Most efforts to improve patient safety have focused on reducing hospital errors. However, errors in primary care also may have serious consequences. A recently implemented primary care safety reporting system (Applied Strategies for Improving Patient Safety, ASIPS)—which encourages clinicians and staff to report errors or near misses either anonymously or confidentially—helps to pinpoint some major causes of errors.

During the first 2 years of the project, more than 700 error reports were submitted. Problems in communication (71 percent), diagnostic tests (47 percent), medications (35 percent), and both diagnostic tests and medications (14 percent) made up most error reports to the system.

Compared with anonymous reports, confidential reports to the system yielded richer information on which to base safety improvements. In the confidential reports, the reporters identified themselves and were interviewed, but all contact information was automatically expunged from the database within 10 days after report submission.

Researchers from the University of Colorado Health Sciences Center and the CNA Corporation, Alexandria, VA, examined the types of medical error reports submitted to the system from clinicians and staff in two practice-based research networks: The Colorado Research Network (CaReNet) and the High Plains Research Network (HPRN). The study was supported by the Agency for Healthcare Research and Quality (HS11878).
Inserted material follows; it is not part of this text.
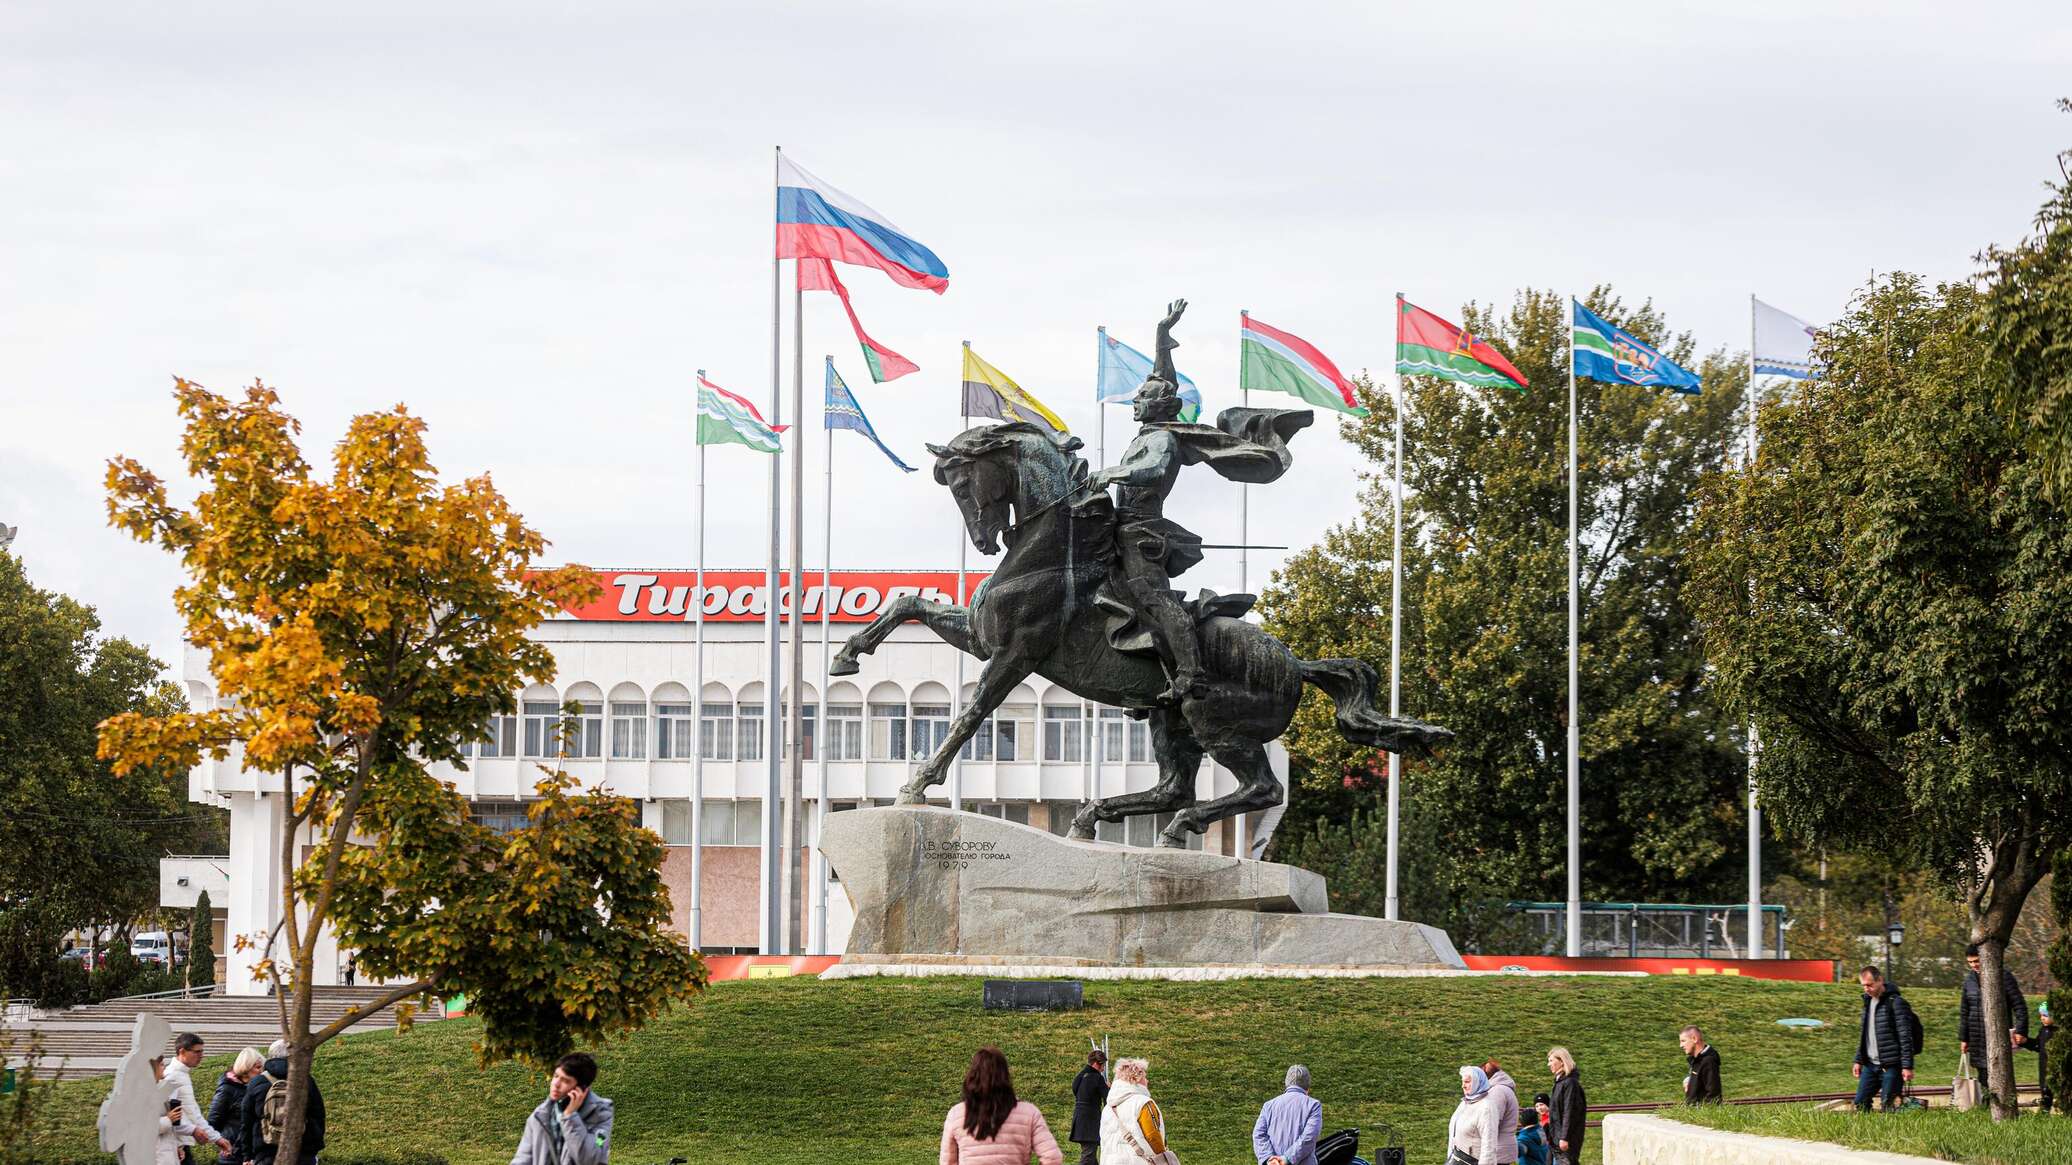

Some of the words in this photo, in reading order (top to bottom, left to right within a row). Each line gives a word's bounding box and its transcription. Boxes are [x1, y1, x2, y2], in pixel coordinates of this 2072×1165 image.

Participants were asked to report "any event you don't wish to have happen again that might represent a threat to patient safety" (including near misses where no patient harm actually occurred). During the first 2 years of the project, 33 practices with a total of 475 clinicians and staff participated in ASIPS. Participants submitted 708 reports during this time, with two-thirds of participants using the confidential reporting form. The researchers followed up on 84 percent of the confidential reports within the allotted 10-day time frame and ended up with 608 relevant, codable reports.

See "Event reporting to a primary care patient safety reporting system: A report from the ASIPS collaborative," by Douglas H. Fernald, M.D., Wilson D. Pace, M.D., Daniel M. Harris, Ph.D., and others, in the July 2004 Annals of Family Medicine 2(4), pp. 327-332.